Steampunk Comes Of Age With Westerfeld's "Leviathan"

Illustration for article titled Steampunk Comes Of Age With Westerfeld's "Leviathan"

Plenty of young-adult novels feature teens reaching adulthood in a world that adults have royally buggered. And there's no shortage of books about a British Empire with improbably high technology. But Scott Westerfeld's Leviathan makes both of those themes epic.


Leviathan, out in a pretty gorgeous hardcover recently, doesn't feel like merely the latest iteration of the slew of "coming of age in dystopia" young-adult novels, even though that description pretty much fits: The book takes place at the start of an alternate-history World War I that looks to be every bit as bloody and horrifying as the real version. Nor does Leviathan feel like the umpteenth vaguely steampunk (or in this case, diesel-punk) book to come down the pike.

Illustration for article titled Steampunk Comes Of Age With Westerfeld's "Leviathan"

There are a few reasons for this. Most notably, Westerfeld leavens his dark wartime tale with a more-than-generous amount of humor and lightness — one character's catchphrase, "Barking spiders!", has already become a daily utterance among people of my acquaintance. But also, Westerfeld throws in enough odd twists to make his own peculiar alt-history seem quite unmistakable.

This seems like a good place to warn that there'll be spoilers in this review.

So as you might already have heard, Leviathan takes place in a very different version of Europe — the Germans and Austrians have fantastical machines, including Walkers (massive diesel-powered stomping machines that wouldn't be out of place among Star Wars' AT-ATs) and weird running machines. Meanwhile, though, Britain and some of its allies have developed a very different technology — in this timeline, Darwin discovered DNA, and now the British are able to recombine DNA strands to engineer new life-forms, including weaponized bats that eat and shit flechettes, and the Leviathan itself, a kind of floating whale kept aloft by the hydrogen created by the creatures in its belly.

So instead of merely being a conflict between two power blocs in Europe, World War I becomes the conflict between Britain's genetically-engineering Darwinists and Austria/Germany's mechanistic Clankers.
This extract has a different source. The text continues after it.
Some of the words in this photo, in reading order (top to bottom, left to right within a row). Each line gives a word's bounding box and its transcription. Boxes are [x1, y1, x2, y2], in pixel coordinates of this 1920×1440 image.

Into this odd (and somewhat implausible) alternate timeline, Westerfeld throws in two different young protagonists who are coming of age on opposite sides. Alek is the son of Archduke Franz Ferdinand, whose assassination sets off the war in the first place, and because Alek could be next in line for the Archduke's throne (if his mother's commoner blood can be overcome) the Germans and Austrians will stop at nothing to destroy him. So his teachers take to the road in a walking machine, trying to stay one step ahead of the assassins who are trying to finish the job with the last family member.
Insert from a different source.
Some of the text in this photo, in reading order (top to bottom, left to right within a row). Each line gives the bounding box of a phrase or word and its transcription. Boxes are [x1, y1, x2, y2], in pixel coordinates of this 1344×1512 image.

Meanwhile, our other protagonist, Deryn Sharp, is a girl who pretends to be a boy so she can join the armed forces and fly through the skies on one of those dashing genetically engineered creatures. The plucky Deryn, now renamed Dylan, gets swept off to sea on a "Huxley," (a sort of floating jellyfish, I think), and winds up getting rescued by the Leviathan, becoming the newest member of her crew. Despite the constant risk of exposure, Deryn/Dylan never hesitates to throw herself into the midst of danger, scaling the heights of the Leviathan's rigging in the midst of peril at sea, and braving storms and enemy aircraft to do her duty and prove herself the best midshipman aboard. (She's the one who exclaims "Barking spiders!" at opportune moments.)

So both protagonists are guarding secrets with their lives, and they're both on the cusp of discovering first-hand just how ruinous the war the older generation has engineered will become. It's a good recipe for both protagonists to figure out who they really are, aside from the expectations that people have placed on them. Alek and Deryn figure out how to work the machines and organic creatures that they ride inside of, but at the same time we see them learning (by trial and error) to navigate the weird world of adult society, which is bumpier and more fault-prone than a thousand diesel-powered walking machines.
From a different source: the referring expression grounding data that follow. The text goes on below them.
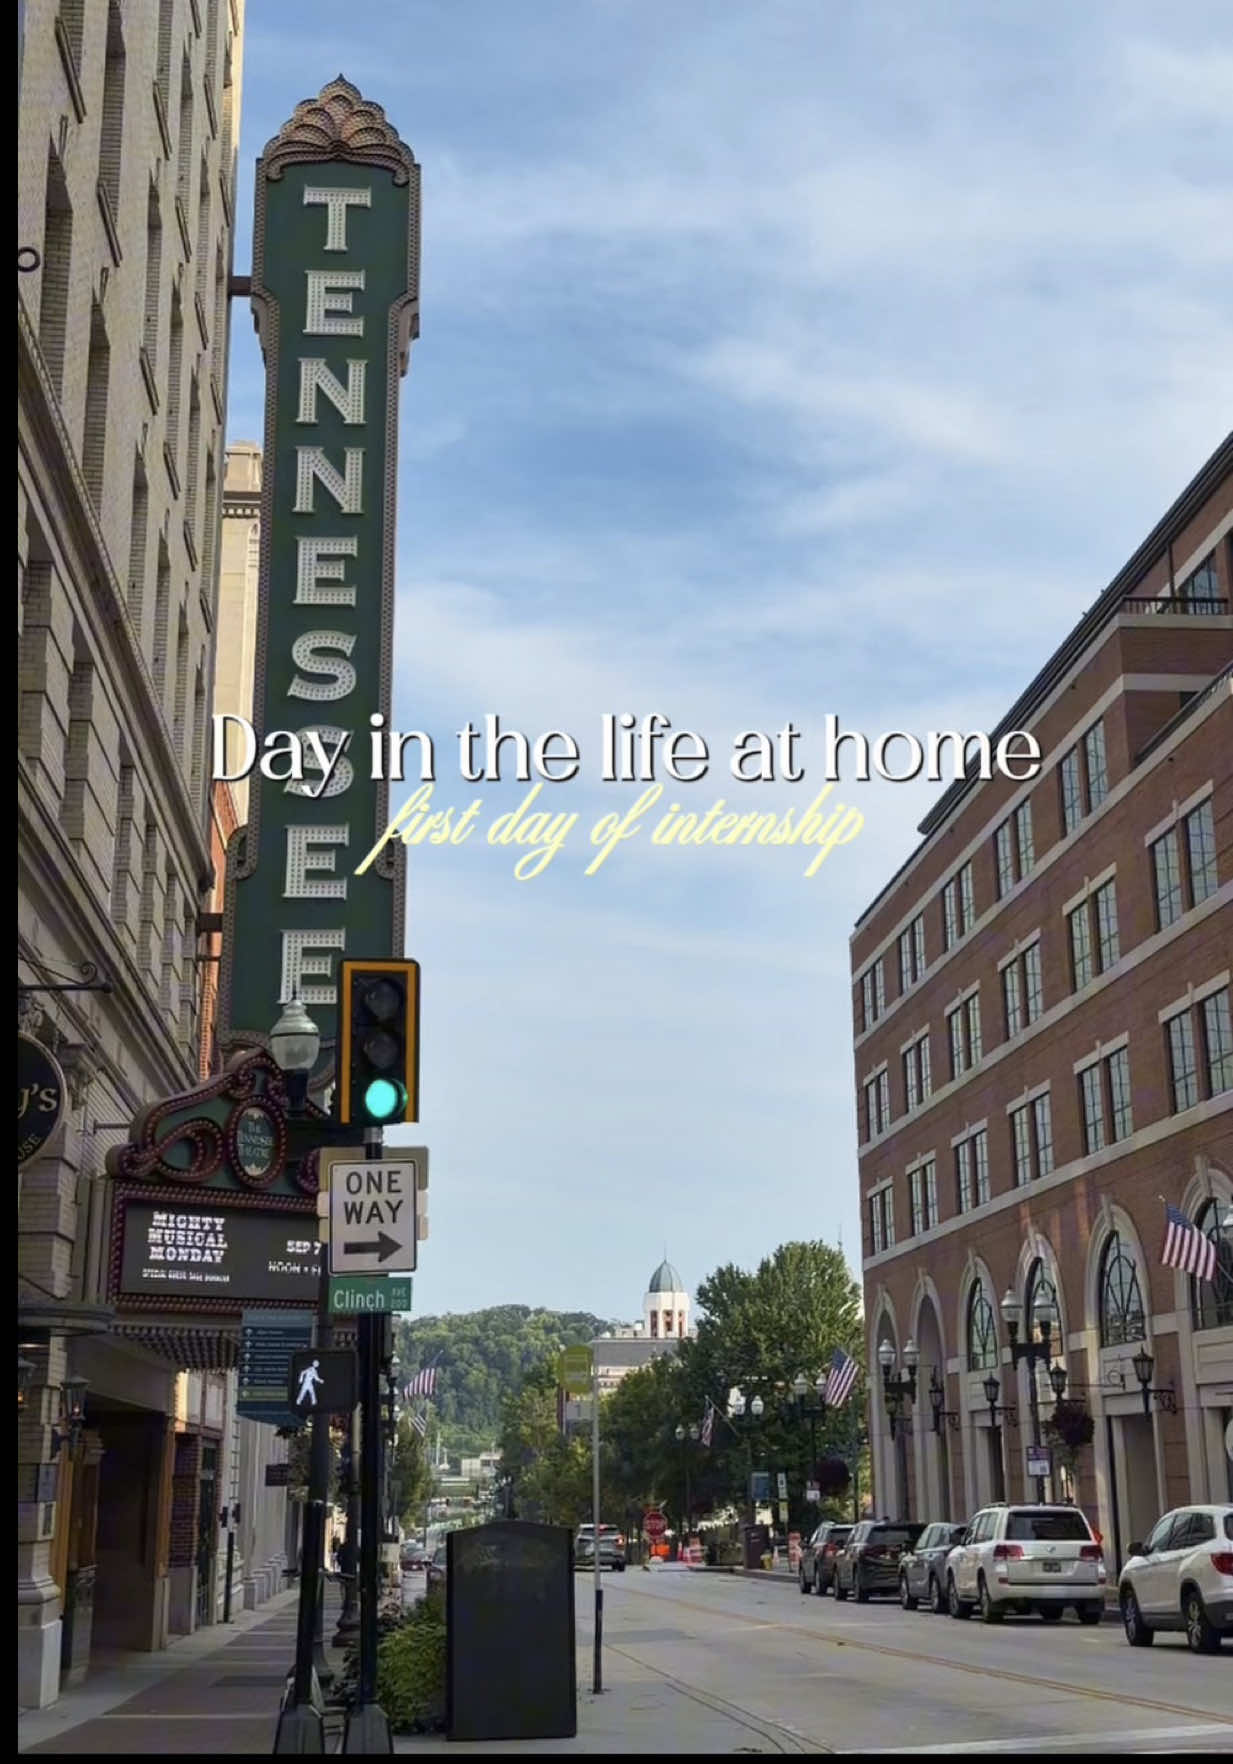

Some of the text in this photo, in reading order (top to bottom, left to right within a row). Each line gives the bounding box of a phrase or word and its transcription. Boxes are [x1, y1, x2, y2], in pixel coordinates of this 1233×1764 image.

[277, 185, 372, 1005] TENNESSEE
[345, 1170, 403, 1195] ONE
[152, 1211, 226, 1232] MIGHTY
[344, 1200, 404, 1225] WAY
[147, 1228, 229, 1249] MUSICAL
[286, 1240, 311, 1253] SEP
[149, 1246, 225, 1263] MONDAY
[333, 1288, 385, 1310] Clinch
And the machines-vs-monsters war seems to hint at becoming a framework for a larger debate about which is preferable: to surround ourselves with raw technology, or to adapt nature to serve our purposes. The book (which is just the first volume in a new series) hints that the only real answer is a fusion between the two elements.

Leviathan is worth reading just for the larger-than-life adventures against a fascinatingly rendered backdrop of weird machines and weirder creatures — and Keith Thompson's illustrations, some of which we've featured before, add an extra layer of awesomeness to the mix as well. But as a new spin on the theme of young people discovering their place in an insane world, it's a genuinely memorable story.




Sounds interesting but I have to wonder...

Since the Archduke's assassination is what PROVOKED the Austrians, why would they want to kill off his son? That really bugs this WWI nut.